La legisladora planteó crear la Tasa Ambiental al Gas Metano (TAMBA), proporcional a la cantidad de cabezas de ganado. Recaería solo sobre quienes “no puedan o no quieran” presentar un plan de mitigación y los fondos se destinarían a reducir emisiones o mejorar el manejo de residuos. El proyecto incluye además un censo para conocer el nivel real de CH4 que emite la ganadería bonaerense.
Según Klug, el cambio climático ya afecta a la producción argentina a través de sequías e inundaciones: “Necesitamos que Argentina sea viable, pero no podemos seguir ignorando esto”, afirmó en un video difundido en redes.

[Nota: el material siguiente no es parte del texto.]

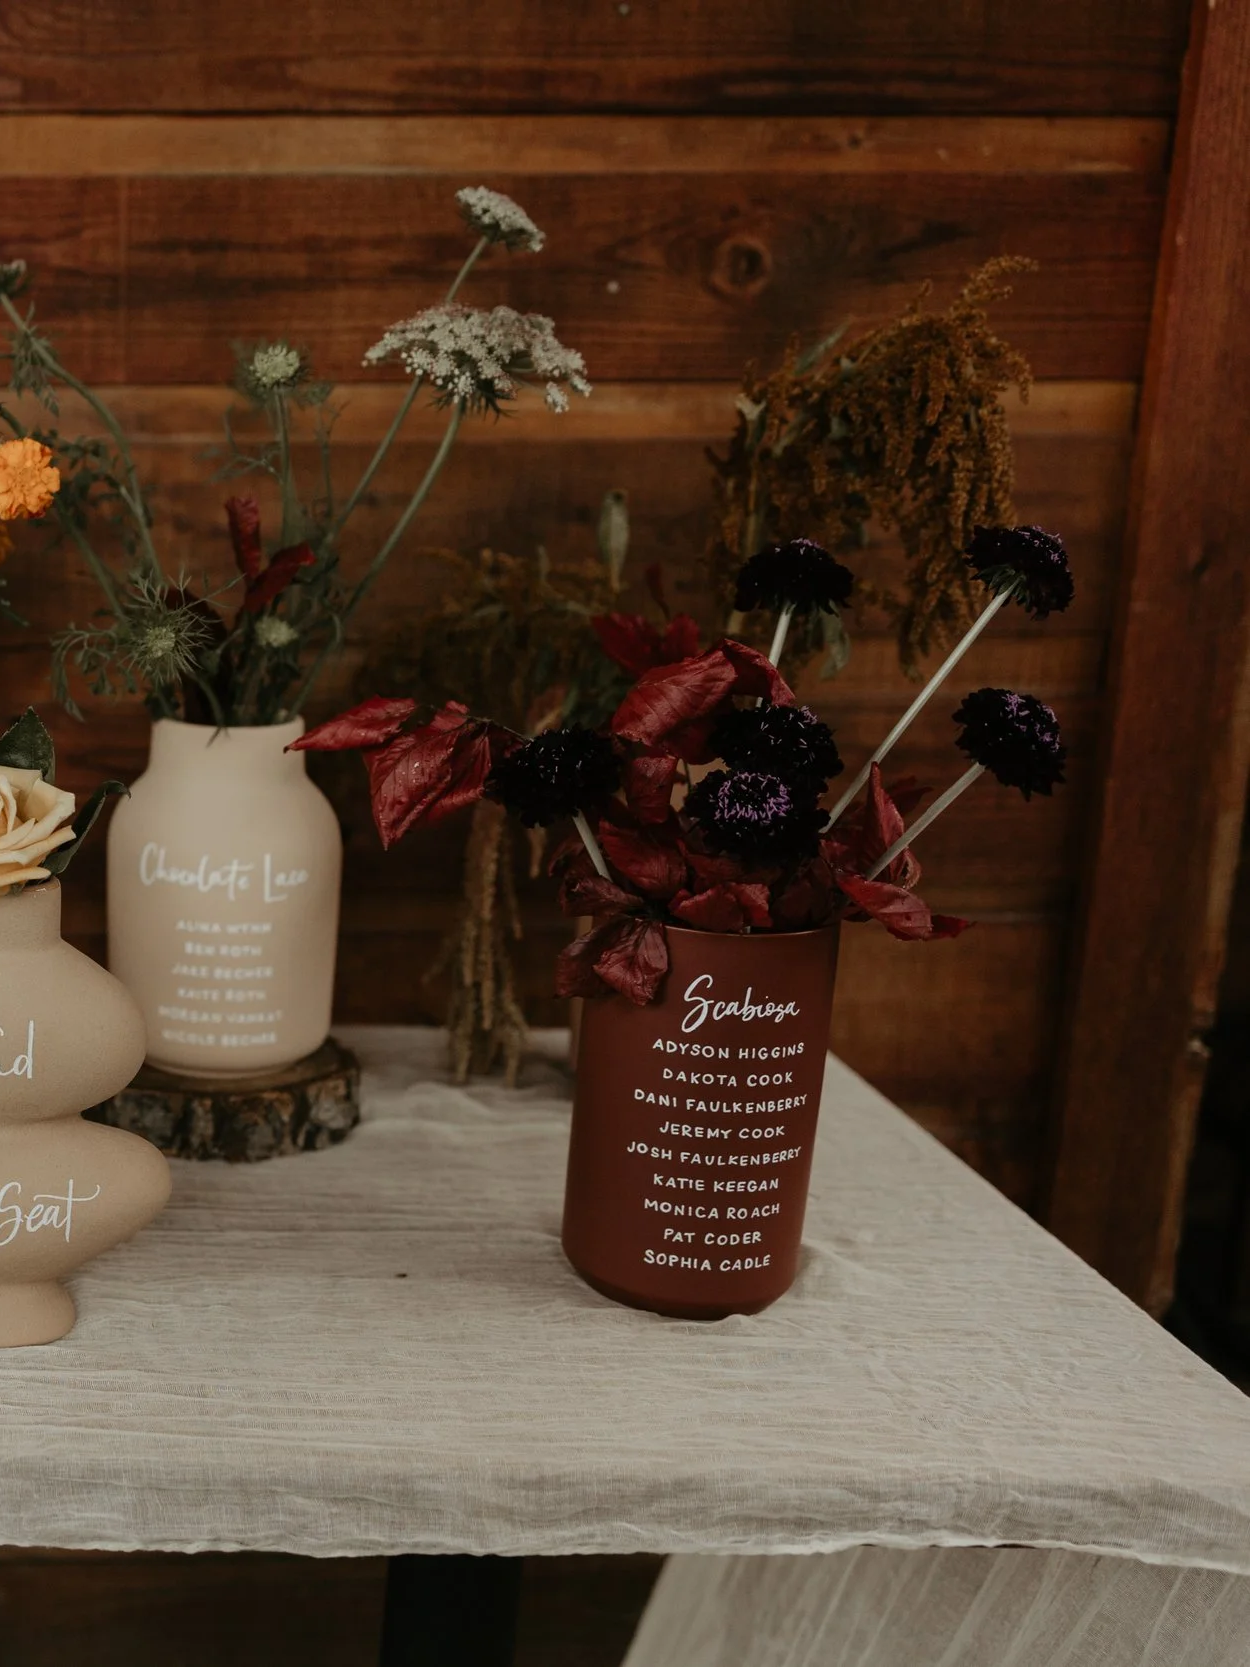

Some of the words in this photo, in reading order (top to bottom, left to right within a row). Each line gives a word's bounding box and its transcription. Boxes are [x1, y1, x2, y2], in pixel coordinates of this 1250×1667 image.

El diputado electo Juan Grabois respaldó la iniciativa y criticó a quienes minimizaron el tema: acusó a ciertos periodistas de hacer “chistecitos de jardín de infantes” y apuntó contra la falta de control ambiental en feedlots y zonas de producción intensiva. También cuestionó la paradoja de que “en el país de las vacas, los pibes no toman leche” mientras el consumo interno cae al nivel más bajo en más de un siglo.
La réplica oficial llegó por parte del secretario de Producción, Pablo Lavigne, quien calificó la iniciativa como “tirarse un tiro en los pies”. Sostuvo que nuevas tasas “van en contra de la producción y la exportación”, justo cuando —según dijo— el mundo enfrenta un déficit global de carne y Argentina podría aprovechar ese escenario.
Lavigne remarcó además que el país “es carbono neutral en términos agregados” y puede incluso emitir bonos de carbono, por lo que consideró que la tasa ambiental es “un sinsentido”.